Instructions to follow: The records are to be copied word for word, and the pictures dropped.

Input material:
:::::

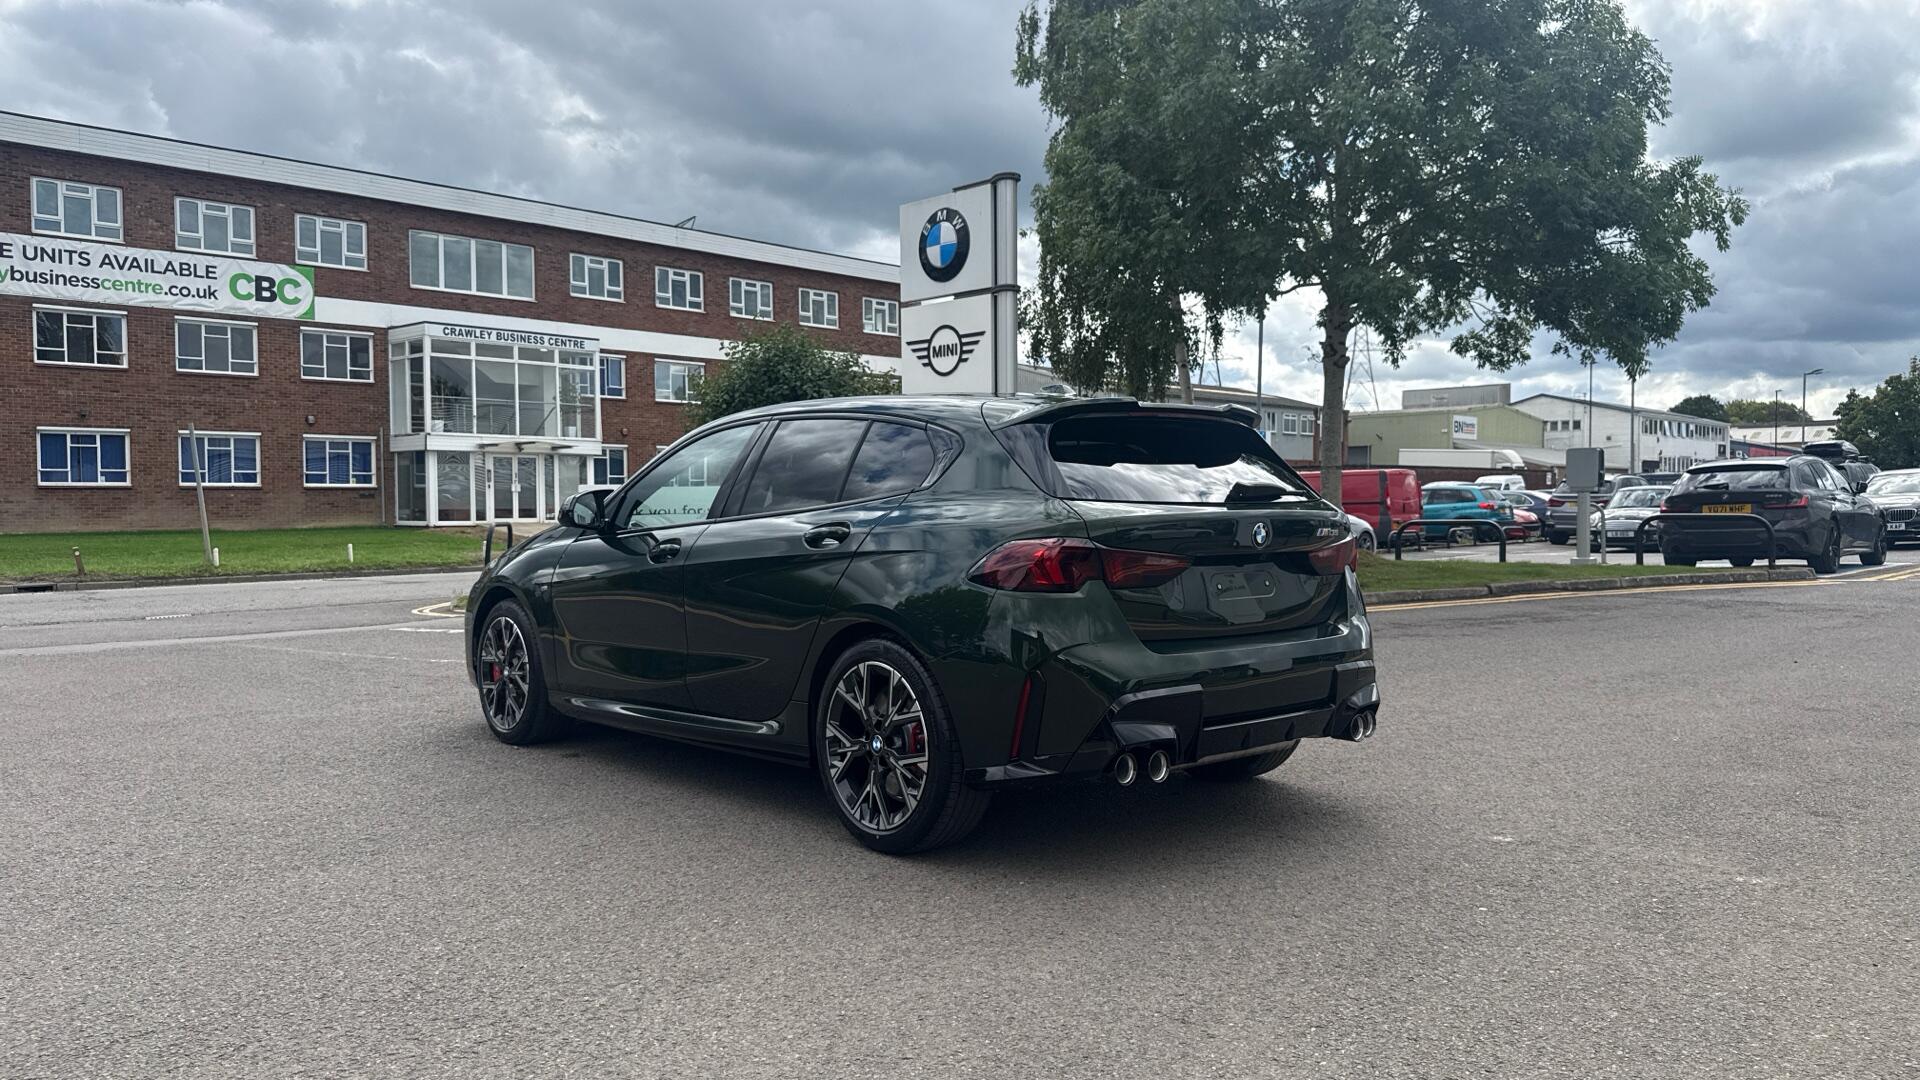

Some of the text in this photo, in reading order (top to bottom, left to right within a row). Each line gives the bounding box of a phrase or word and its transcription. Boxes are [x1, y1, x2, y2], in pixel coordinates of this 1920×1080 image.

[922, 209, 964, 236] BMW
[22, 244, 91, 267] UNITS
[99, 253, 218, 280] AVAILABLE
[229, 272, 301, 305] CBC
[442, 326, 586, 349] CRAWLEY BUSINESS CENTRE
[932, 342, 958, 359] MINI
[1454, 420, 1463, 433] BN

:::::

Exercise response:
Some of the text in this photo, in reading order (top to bottom, left to right within a row). Each line gives the bounding box of a phrase or word and its transcription. Boxes are [x1, y1, x2, y2], in pixel coordinates of this 1920×1080 image.

[922, 209, 964, 236] BMW
[22, 244, 91, 267] UNITS
[99, 253, 218, 280] AVAILABLE
[229, 272, 301, 305] CBC
[442, 326, 586, 349] CRAWLEY BUSINESS CENTRE
[932, 342, 958, 359] MINI
[1454, 420, 1463, 433] BN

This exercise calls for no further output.